(Stored data entries)
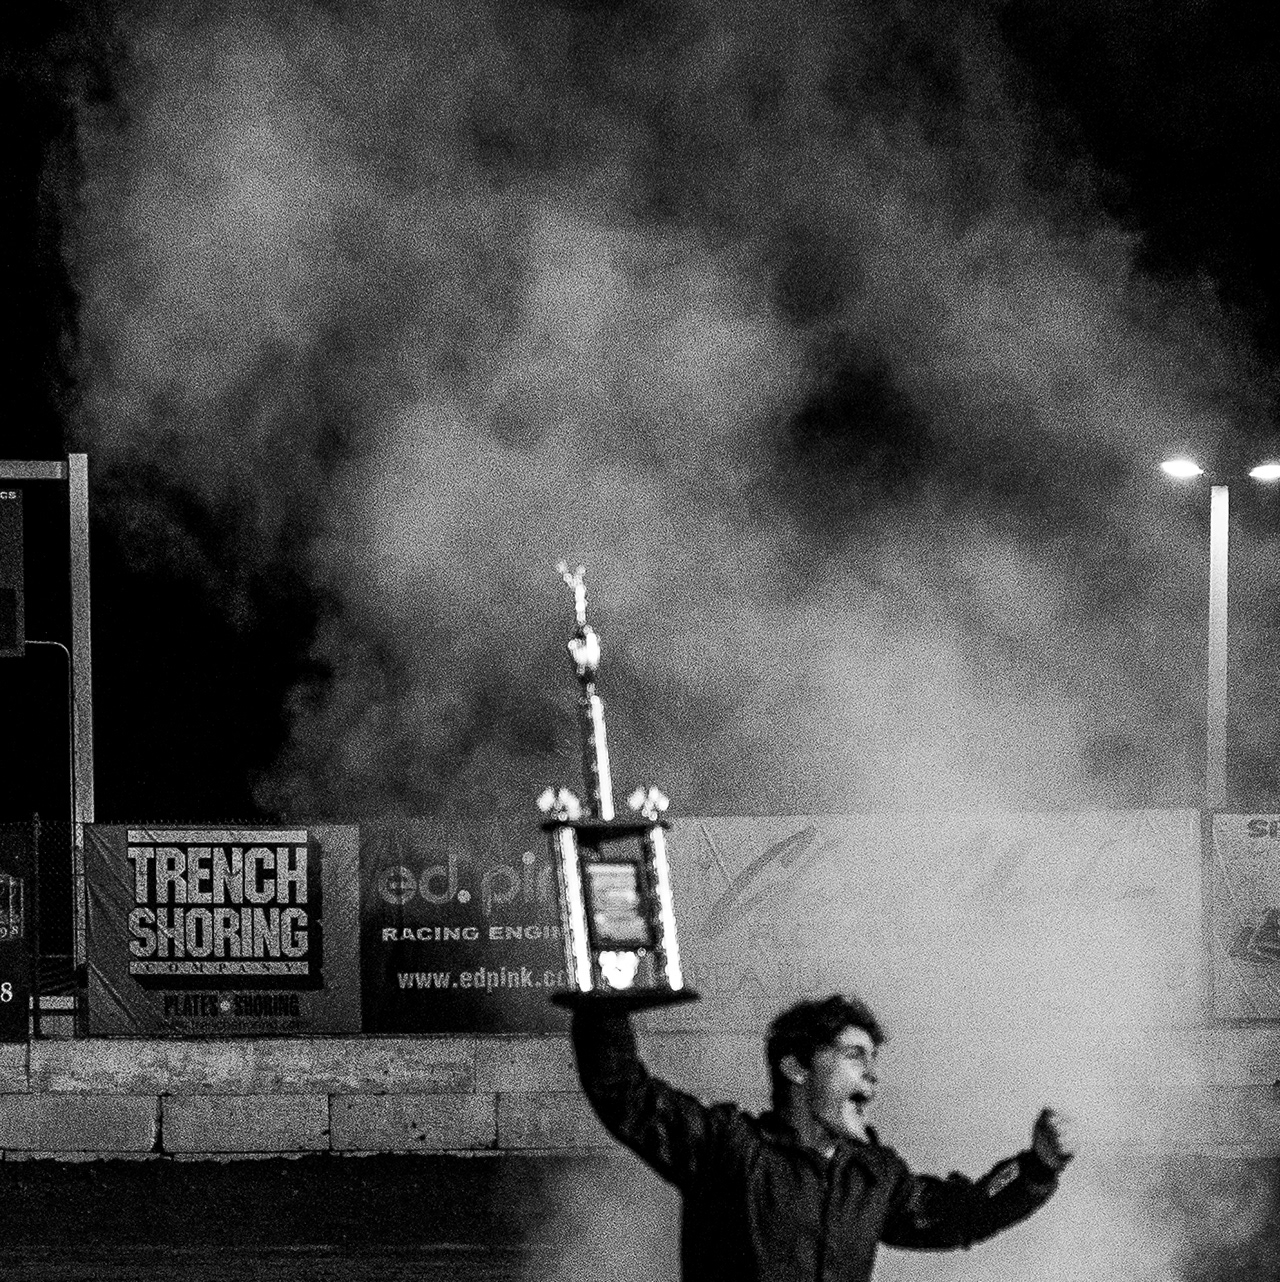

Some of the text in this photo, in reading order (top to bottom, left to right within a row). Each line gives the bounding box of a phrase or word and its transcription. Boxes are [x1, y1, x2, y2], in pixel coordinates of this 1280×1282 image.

[128, 847, 308, 903] TRENCH
[128, 907, 309, 959] SHORING
[381, 926, 480, 942] RACING
[397, 966, 568, 993] www.edpink.co
[164, 995, 218, 1017] PLATES
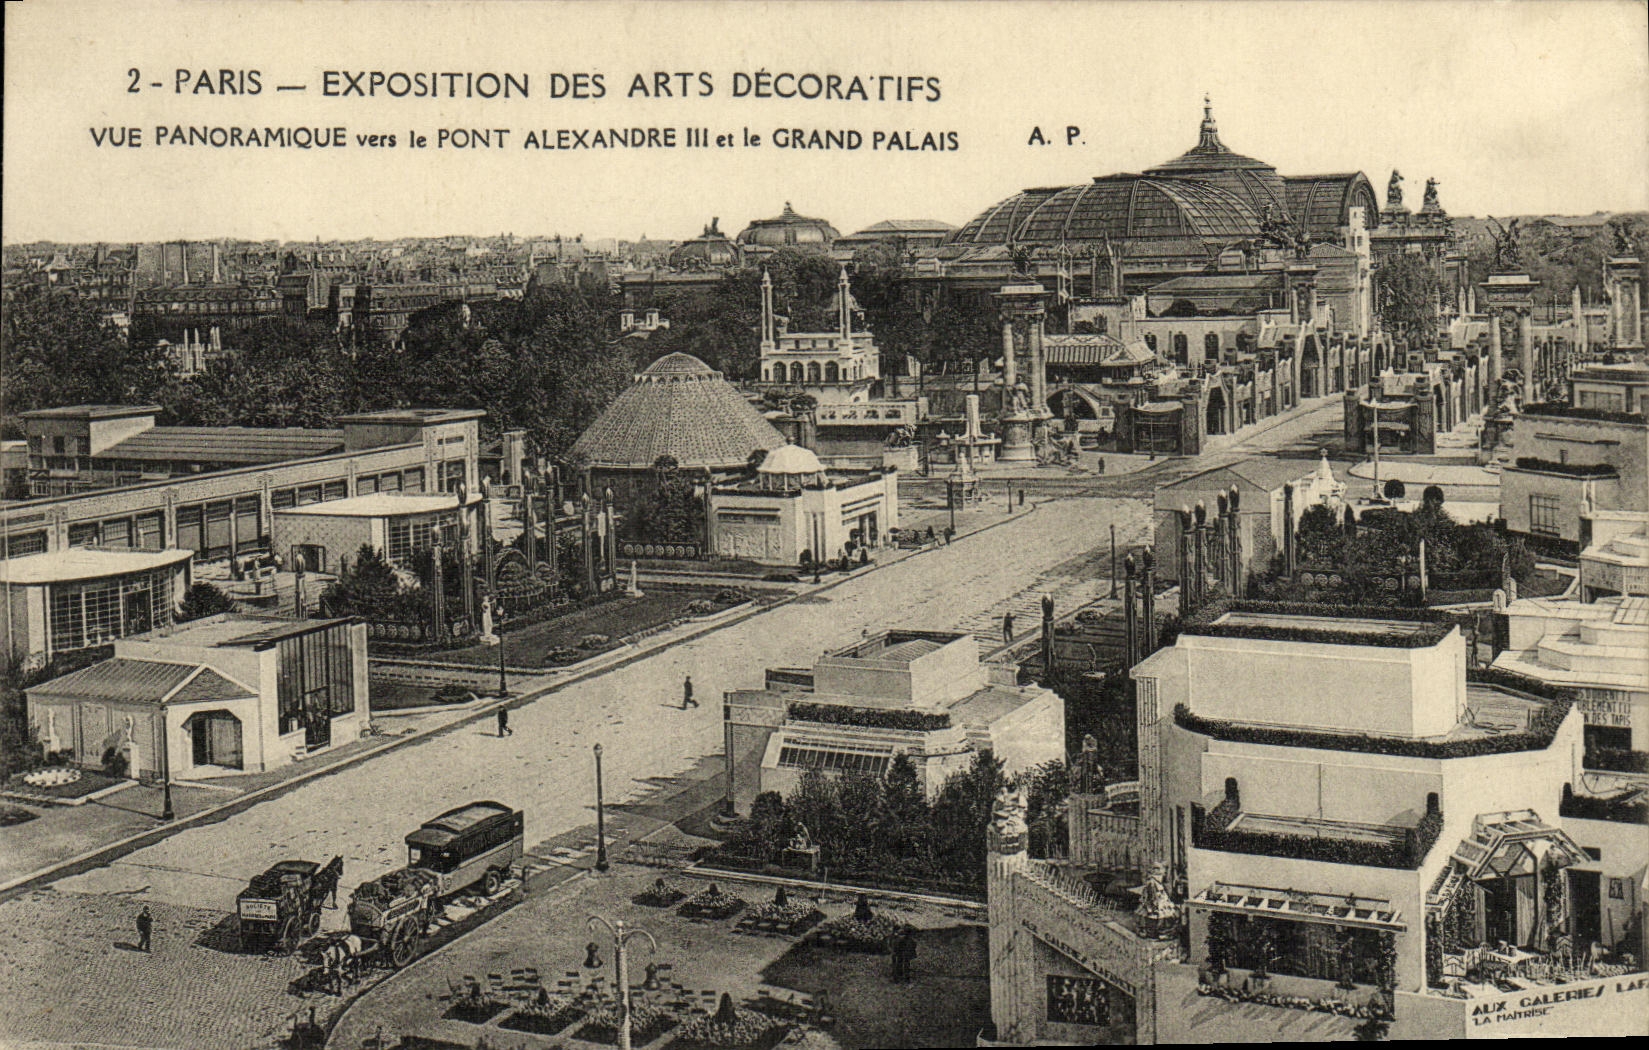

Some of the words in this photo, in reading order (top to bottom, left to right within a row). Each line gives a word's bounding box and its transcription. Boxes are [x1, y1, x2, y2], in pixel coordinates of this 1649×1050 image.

[1611, 714, 1631, 727] TAPIS
[1472, 1000, 1507, 1016] AUX
[1519, 984, 1605, 1008] GALERIES
[1616, 978, 1649, 993] LAF

- [Problem to work on] Would you provide an exact, picture-free copy of the data above?

- [Output]
Some of the text in this photo, in reading order (top to bottom, left to right within a row). Each line gives the bounding box of a phrase or word and its transcription. Boxes are [x1, y1, x2, y2], in pixel coordinates of this 1280×1282 image.

[128, 847, 308, 903] TRENCH
[128, 907, 309, 959] SHORING
[381, 926, 480, 942] RACING
[397, 966, 568, 993] www.edpink.co
[164, 995, 218, 1017] PLATES

Some of the words in this photo, in reading order (top to bottom, left to right within a row). Each line gives a word's bounding box and its transcription. Boxes are [x1, y1, x2, y2], in pixel coordinates of this 1649×1050 image.

[1611, 714, 1631, 727] TAPIS
[1472, 1000, 1507, 1016] AUX
[1519, 984, 1605, 1008] GALERIES
[1616, 978, 1649, 993] LAF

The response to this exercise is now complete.